• Action item
Could you please retype all of the data below exactly?

*** Opening Data for this exercise ***

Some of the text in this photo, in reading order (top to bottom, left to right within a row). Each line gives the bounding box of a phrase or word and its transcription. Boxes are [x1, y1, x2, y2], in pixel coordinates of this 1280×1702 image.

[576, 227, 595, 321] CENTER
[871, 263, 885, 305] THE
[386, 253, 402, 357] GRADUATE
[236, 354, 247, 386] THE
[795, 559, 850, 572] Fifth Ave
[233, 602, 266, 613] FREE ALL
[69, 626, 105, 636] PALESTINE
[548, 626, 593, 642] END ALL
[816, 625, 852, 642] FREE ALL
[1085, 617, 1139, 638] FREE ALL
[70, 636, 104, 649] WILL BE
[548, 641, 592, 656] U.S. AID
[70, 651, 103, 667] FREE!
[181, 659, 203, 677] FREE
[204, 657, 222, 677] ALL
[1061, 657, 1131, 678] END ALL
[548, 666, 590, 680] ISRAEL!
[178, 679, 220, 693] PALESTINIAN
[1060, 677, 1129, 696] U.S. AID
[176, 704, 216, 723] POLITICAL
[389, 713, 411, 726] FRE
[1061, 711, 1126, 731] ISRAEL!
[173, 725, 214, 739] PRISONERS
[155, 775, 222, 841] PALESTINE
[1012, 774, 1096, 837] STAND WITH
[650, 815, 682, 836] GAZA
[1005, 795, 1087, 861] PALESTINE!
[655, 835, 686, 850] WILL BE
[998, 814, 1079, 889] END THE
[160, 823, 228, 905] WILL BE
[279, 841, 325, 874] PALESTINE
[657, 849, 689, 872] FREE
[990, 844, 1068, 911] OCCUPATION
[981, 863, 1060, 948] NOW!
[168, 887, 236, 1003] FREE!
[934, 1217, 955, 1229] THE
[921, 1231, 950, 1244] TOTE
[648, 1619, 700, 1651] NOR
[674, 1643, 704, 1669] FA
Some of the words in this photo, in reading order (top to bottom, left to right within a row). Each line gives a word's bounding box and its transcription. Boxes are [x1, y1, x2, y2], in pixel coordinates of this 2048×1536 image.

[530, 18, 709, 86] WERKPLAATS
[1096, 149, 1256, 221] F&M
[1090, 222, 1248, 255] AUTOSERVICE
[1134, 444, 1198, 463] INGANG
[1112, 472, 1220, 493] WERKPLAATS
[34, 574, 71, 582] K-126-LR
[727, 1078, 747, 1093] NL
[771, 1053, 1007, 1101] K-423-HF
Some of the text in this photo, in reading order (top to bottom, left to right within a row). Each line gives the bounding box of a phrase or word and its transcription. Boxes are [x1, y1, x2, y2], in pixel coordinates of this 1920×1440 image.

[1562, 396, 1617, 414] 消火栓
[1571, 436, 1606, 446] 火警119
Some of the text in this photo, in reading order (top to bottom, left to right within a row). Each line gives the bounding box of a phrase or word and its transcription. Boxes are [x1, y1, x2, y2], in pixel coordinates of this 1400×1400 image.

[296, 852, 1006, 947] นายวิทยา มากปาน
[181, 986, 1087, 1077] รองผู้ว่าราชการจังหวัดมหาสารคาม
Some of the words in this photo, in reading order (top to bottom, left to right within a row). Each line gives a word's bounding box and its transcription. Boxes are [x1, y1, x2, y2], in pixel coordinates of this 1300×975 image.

*** Closing Data for this exercise ***

• Task response
Some of the text in this photo, in reading order (top to bottom, left to right within a row). Each line gives the bounding box of a phrase or word and its transcription. Boxes are [x1, y1, x2, y2], in pixel coordinates of this 1280×1702 image.

[576, 227, 595, 321] CENTER
[871, 263, 885, 305] THE
[386, 253, 402, 357] GRADUATE
[236, 354, 247, 386] THE
[795, 559, 850, 572] Fifth Ave
[233, 602, 266, 613] FREE ALL
[69, 626, 105, 636] PALESTINE
[548, 626, 593, 642] END ALL
[816, 625, 852, 642] FREE ALL
[1085, 617, 1139, 638] FREE ALL
[70, 636, 104, 649] WILL BE
[548, 641, 592, 656] U.S. AID
[70, 651, 103, 667] FREE!
[181, 659, 203, 677] FREE
[204, 657, 222, 677] ALL
[1061, 657, 1131, 678] END ALL
[548, 666, 590, 680] ISRAEL!
[178, 679, 220, 693] PALESTINIAN
[1060, 677, 1129, 696] U.S. AID
[176, 704, 216, 723] POLITICAL
[389, 713, 411, 726] FRE
[1061, 711, 1126, 731] ISRAEL!
[173, 725, 214, 739] PRISONERS
[155, 775, 222, 841] PALESTINE
[1012, 774, 1096, 837] STAND WITH
[650, 815, 682, 836] GAZA
[1005, 795, 1087, 861] PALESTINE!
[655, 835, 686, 850] WILL BE
[998, 814, 1079, 889] END THE
[160, 823, 228, 905] WILL BE
[279, 841, 325, 874] PALESTINE
[657, 849, 689, 872] FREE
[990, 844, 1068, 911] OCCUPATION
[981, 863, 1060, 948] NOW!
[168, 887, 236, 1003] FREE!
[934, 1217, 955, 1229] THE
[921, 1231, 950, 1244] TOTE
[648, 1619, 700, 1651] NOR
[674, 1643, 704, 1669] FA
Some of the words in this photo, in reading order (top to bottom, left to right within a row). Each line gives a word's bounding box and its transcription. Boxes are [x1, y1, x2, y2], in pixel coordinates of this 2048×1536 image.

[530, 18, 709, 86] WERKPLAATS
[1096, 149, 1256, 221] F&M
[1090, 222, 1248, 255] AUTOSERVICE
[1134, 444, 1198, 463] INGANG
[1112, 472, 1220, 493] WERKPLAATS
[34, 574, 71, 582] K-126-LR
[727, 1078, 747, 1093] NL
[771, 1053, 1007, 1101] K-423-HF
Some of the text in this photo, in reading order (top to bottom, left to right within a row). Each line gives the bounding box of a phrase or word and its transcription. Boxes are [x1, y1, x2, y2], in pixel coordinates of this 1920×1440 image.

[1562, 396, 1617, 414] 消火栓
[1571, 436, 1606, 446] 火警119
Some of the text in this photo, in reading order (top to bottom, left to right within a row). Each line gives the bounding box of a phrase or word and its transcription. Boxes are [x1, y1, x2, y2], in pixel coordinates of this 1400×1400 image.

[296, 852, 1006, 947] นายวิทยา มากปาน
[181, 986, 1087, 1077] รองผู้ว่าราชการจังหวัดมหาสารคาม
Some of the words in this photo, in reading order (top to bottom, left to right within a row). Each line gives a word's bounding box and its transcription. Boxes are [x1, y1, x2, y2], in pixel coordinates of this 1300×975 image.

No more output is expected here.